Image-backed grounding data
☆ ☆ ☆ ☆ ☆

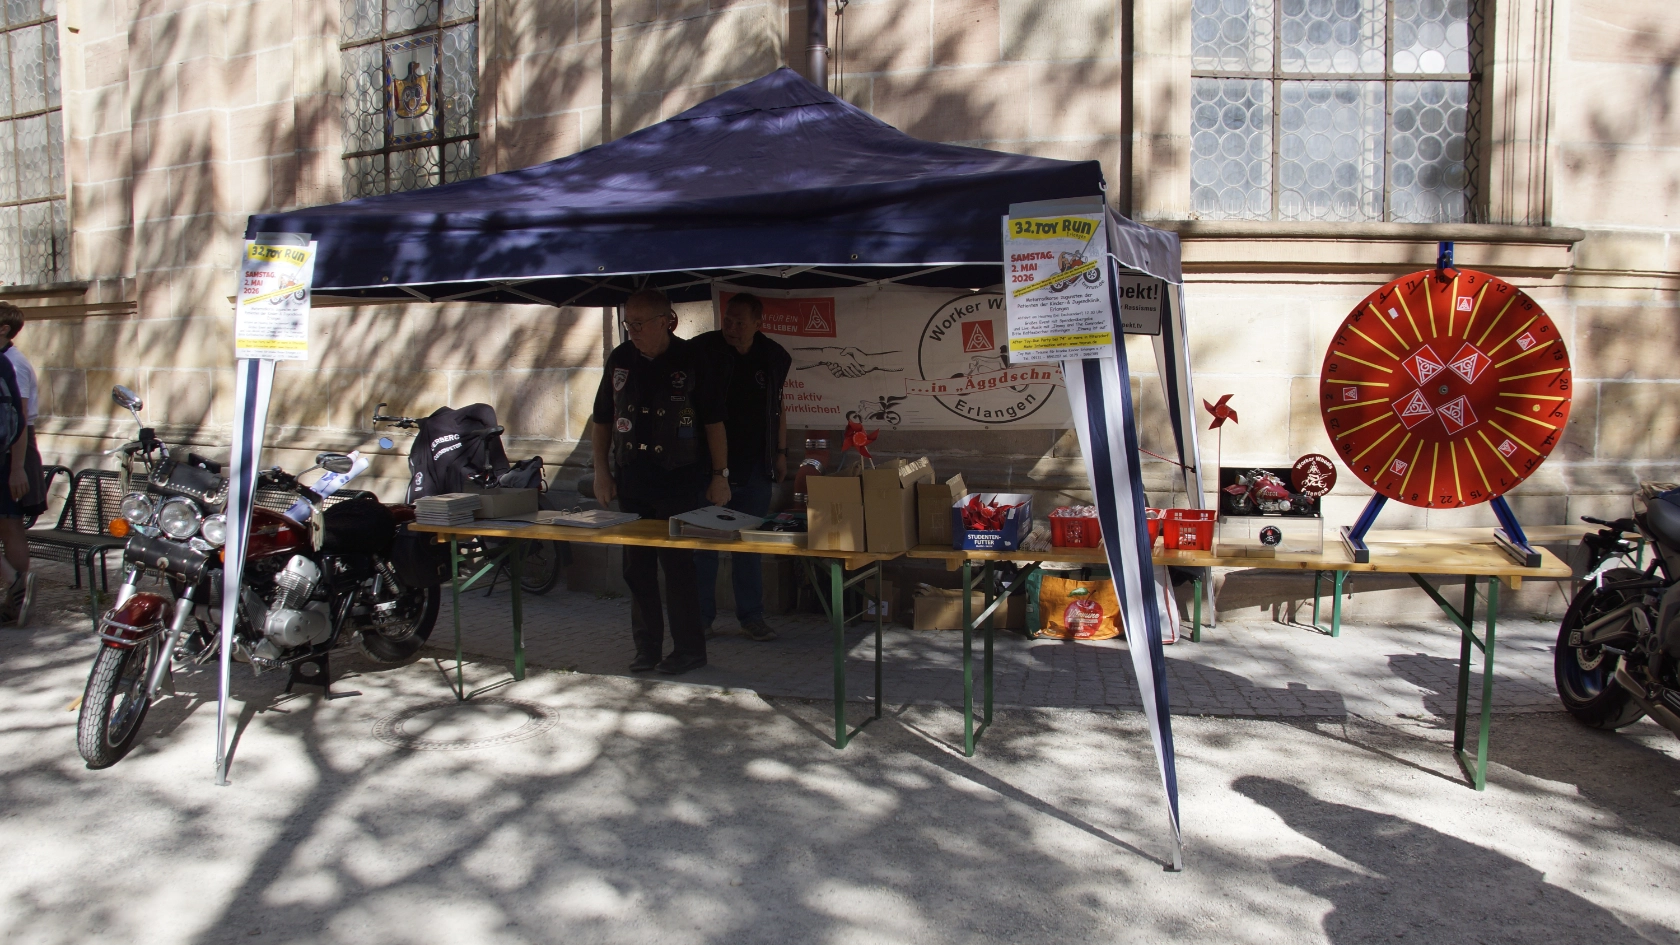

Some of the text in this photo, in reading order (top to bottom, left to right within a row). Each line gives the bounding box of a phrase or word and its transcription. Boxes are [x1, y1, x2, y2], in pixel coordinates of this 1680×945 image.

[1021, 263, 1037, 272] MAI
[1012, 274, 1034, 283] 2026
[1406, 281, 1415, 290] 11
[1496, 284, 1507, 293] 12
[1520, 300, 1532, 311] 19
[769, 313, 784, 322] FÜR
[1352, 310, 1364, 322] 24
[930, 302, 981, 342] Worker
[1337, 336, 1347, 346] 17
[1552, 349, 1564, 360] 13
[1328, 363, 1338, 373] 10
[1559, 379, 1568, 390] 20
[798, 393, 822, 402] aktiv
[955, 393, 1036, 418] Erlangen
[1330, 418, 1340, 429] 23
[1342, 444, 1353, 455] 16
[1296, 456, 1333, 469] Worker Wheels
[1524, 459, 1536, 470] 21
[1500, 478, 1507, 486] 7
[1412, 493, 1418, 501] 8
[1440, 496, 1452, 504] 22
[1470, 490, 1482, 500] 15

☆ ☆ ☆ ☆ ☆

-- Your instructions --
The reply must contain every entry above, exactly as written, and none of the pictures.

-- Exercise solution --
Some of the text in this photo, in reading order (top to bottom, left to right within a row). Each line gives the bounding box of a phrase or word and its transcription. Boxes are [x1, y1, x2, y2], in pixel coordinates of this 1680×945 image.

[1021, 263, 1037, 272] MAI
[1012, 274, 1034, 283] 2026
[1406, 281, 1415, 290] 11
[1496, 284, 1507, 293] 12
[1520, 300, 1532, 311] 19
[769, 313, 784, 322] FÜR
[1352, 310, 1364, 322] 24
[930, 302, 981, 342] Worker
[1337, 336, 1347, 346] 17
[1552, 349, 1564, 360] 13
[1328, 363, 1338, 373] 10
[1559, 379, 1568, 390] 20
[798, 393, 822, 402] aktiv
[955, 393, 1036, 418] Erlangen
[1330, 418, 1340, 429] 23
[1342, 444, 1353, 455] 16
[1296, 456, 1333, 469] Worker Wheels
[1524, 459, 1536, 470] 21
[1500, 478, 1507, 486] 7
[1412, 493, 1418, 501] 8
[1440, 496, 1452, 504] 22
[1470, 490, 1482, 500] 15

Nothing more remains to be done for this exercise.